Back in the cancer saddle

Headlines: I’m going on a new cancer drug. It’s called lenvatinib (the brand name is Lenvima). It’s meant to be permanent, but there are side effects, and they need to see which ones I get and how I’m affected. So I’m cancelling all my travel for the next 3 months (my hope/goal is to be able to go to Berlin in June 2019) and in the meantime will more or less undergo a science experiment on myself. The hope is that I am going to be able to go on with my life indefinitely once we get everything stable, which is the whole point of the drug. My oncologist specifically said his goal was that I be on the highest possible dose while still being able to live my life. But that means experimenting.

More detail:

When I started blogging again I did not plan to return to my cancer patient hobby, but here we are, and the timing–blogwise and even lifewise with me on leave from teaching this term–is actually good in a way.

In case you missed the previous episode, here is some background:

I have metastatic thyroid cancer in my lungs. It was found when I was diagnosed with aggressive papillary thyroid cancer in 2009. My team of doctors been “watching and waiting” ever since, punctuated by occasional freakouts and one more round of radioactive iodine.

The big nodules in my lungs have been growing 1-2mm (with a margin of error) per year. And little ones keep appearing. So we’ve been in a “do nothing” (aka “watch and wait”) phase for almost a decade now. I have never said I am in remission, but on the advice of a good therapist, outside my test periods, I have operated in denial. You can’t spend a decade running around with your hair on fire saying “holy shit I have slow growing cancer in my lungs” every day. Also, my endocrinologist told me he expects me to die from something else.

/end background.

Now it’s almost a decade later. 1mm a year for 10 years is 1cm. And my three biggest spots are now close to an inch in diameter because the were already around 1cm when we started watching them. And there are more of them. Carrie came with me for my last CT results and was visibly shocked; I see the insides of my lungs every 6-12 months so am used to it. Later our “earth at night screensaver” came on the TV and she joked “that looks like your lungs.” Sort of like this but definitely not in the shape of the United States and remember, there are only 3 big spots:

US and a bit of Canada, Mexico and the Caribbean at night, image by NASA.

The original plan was to watch and wait: do something if my spots started multiplying more rapidly, or approaching the pleura, since that would be an escape route out of the lungs. I am still not in any immanent danger, and we don’t think I am symptomatic. (Though I was rediagnosed with asthma in the fall, which could theoretically be related.)

But things change. There’s a new drug, and my team of doctors has started taking a slightly more aggressive attitude. And while the spots aren’t at my pleura, they could get there at some point in the future.

The drug is called lenvantinib. Brand name Lenvima. The key thing to know is that it is part of a new approach to cancer called “targeted therapy” that targets cell behaviours other than rapid division, which is what normal chemo does. Also “targeted therapy” is a nicer name for the treatment than the old name for long term approaches like this–“soft chemo”–which evokes images of soft rock and soft boiled eggs, neither of which I find appealing. Also? It is very expensive, but I believe my insurance will cover it. More on that in a future post.

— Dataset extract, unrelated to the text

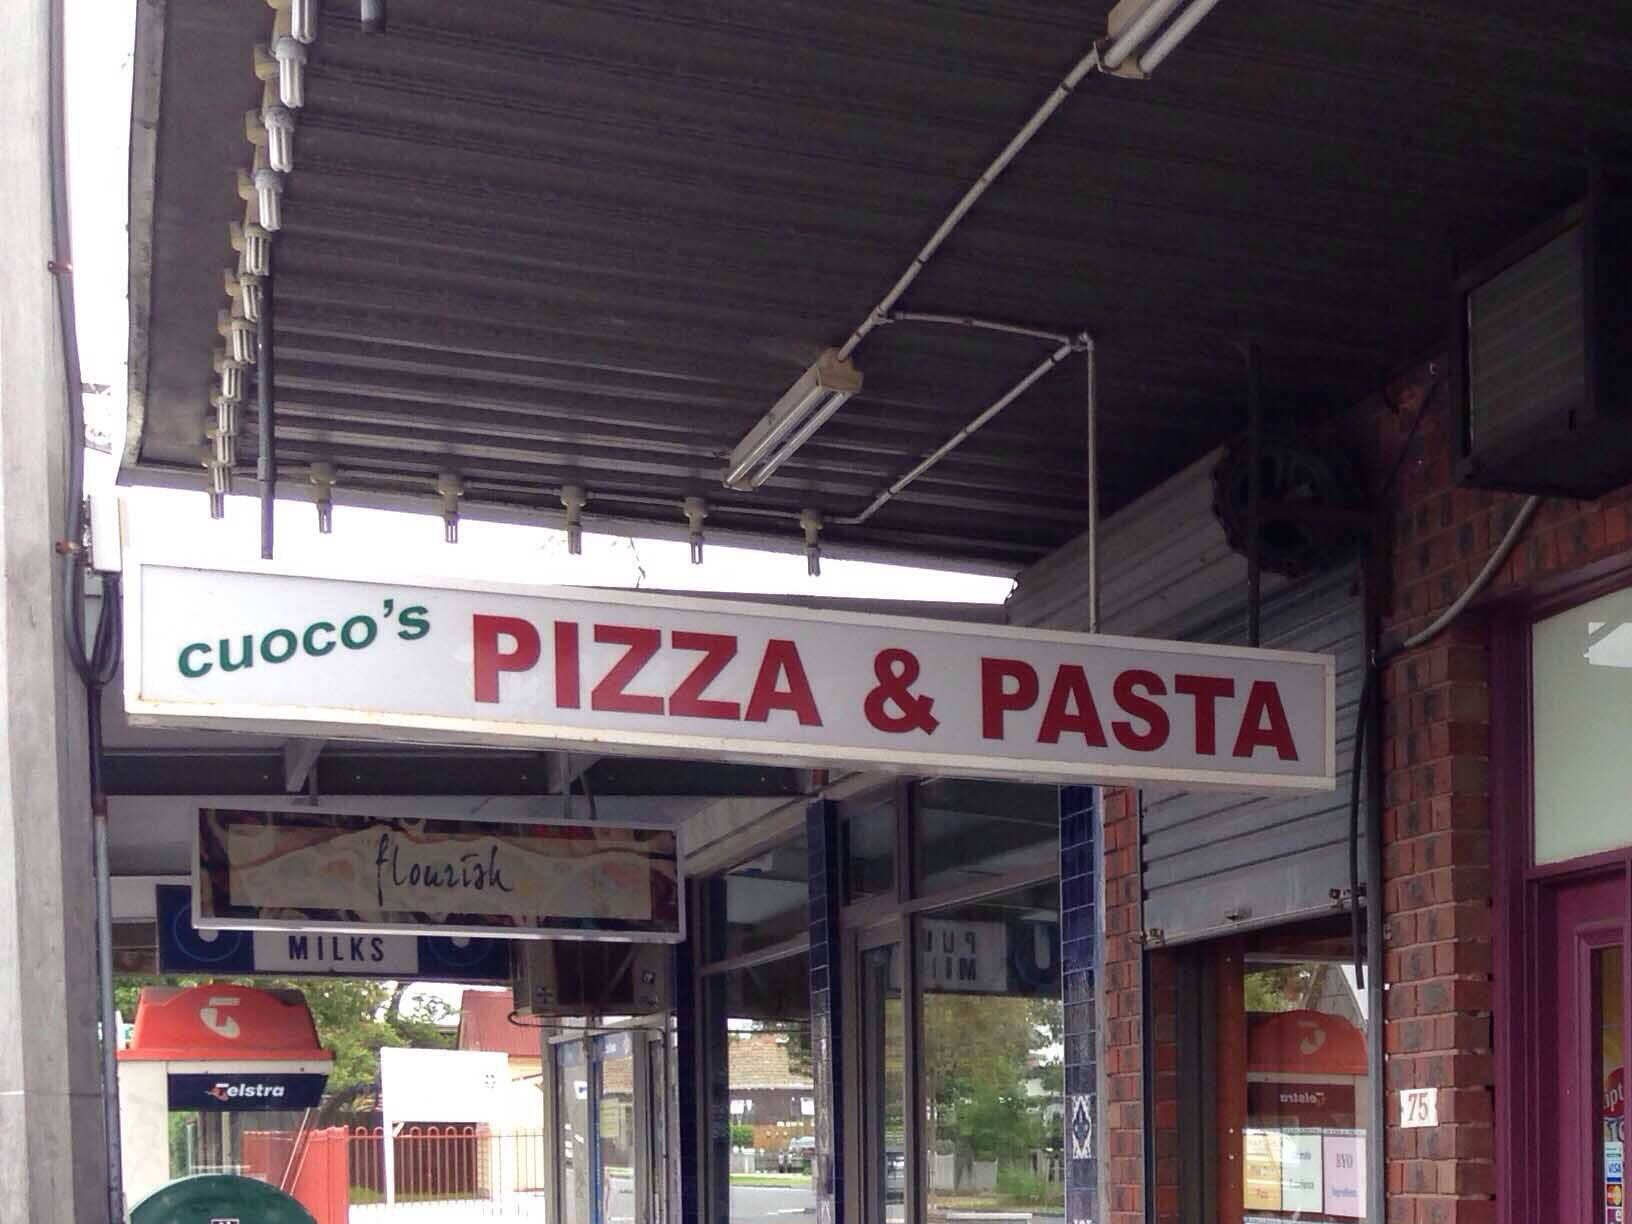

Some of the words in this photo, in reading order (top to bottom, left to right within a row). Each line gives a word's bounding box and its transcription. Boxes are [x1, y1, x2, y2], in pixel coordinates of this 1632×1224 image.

Levantinib is part of a class of drugs called “tyrosine kinase inhibitors.” It is not actually known for certain how they work. Even Lenvima’s own website hedges its bets:

LENVIMA is believed to block the signals that allow the cells (tumor and normal) to survive and multiply.

LENVIMA is believed to block signals that help blood vessels grow. Blood vessels support the tumor’s survival and growth.

“It is believed” is not a phrase you often hear in Western medicine, but at least I’m on the cutting edge here.

I will have lots more to say about how I feel, what I think about the drug, changes in the online culture of people with weird thyroid cancers from 2009 when I started, drug companies, Canadian medicine, and on and on.

More blog fodder in coming days and weeks. If you want to know how I’m doing the important information will be findable here.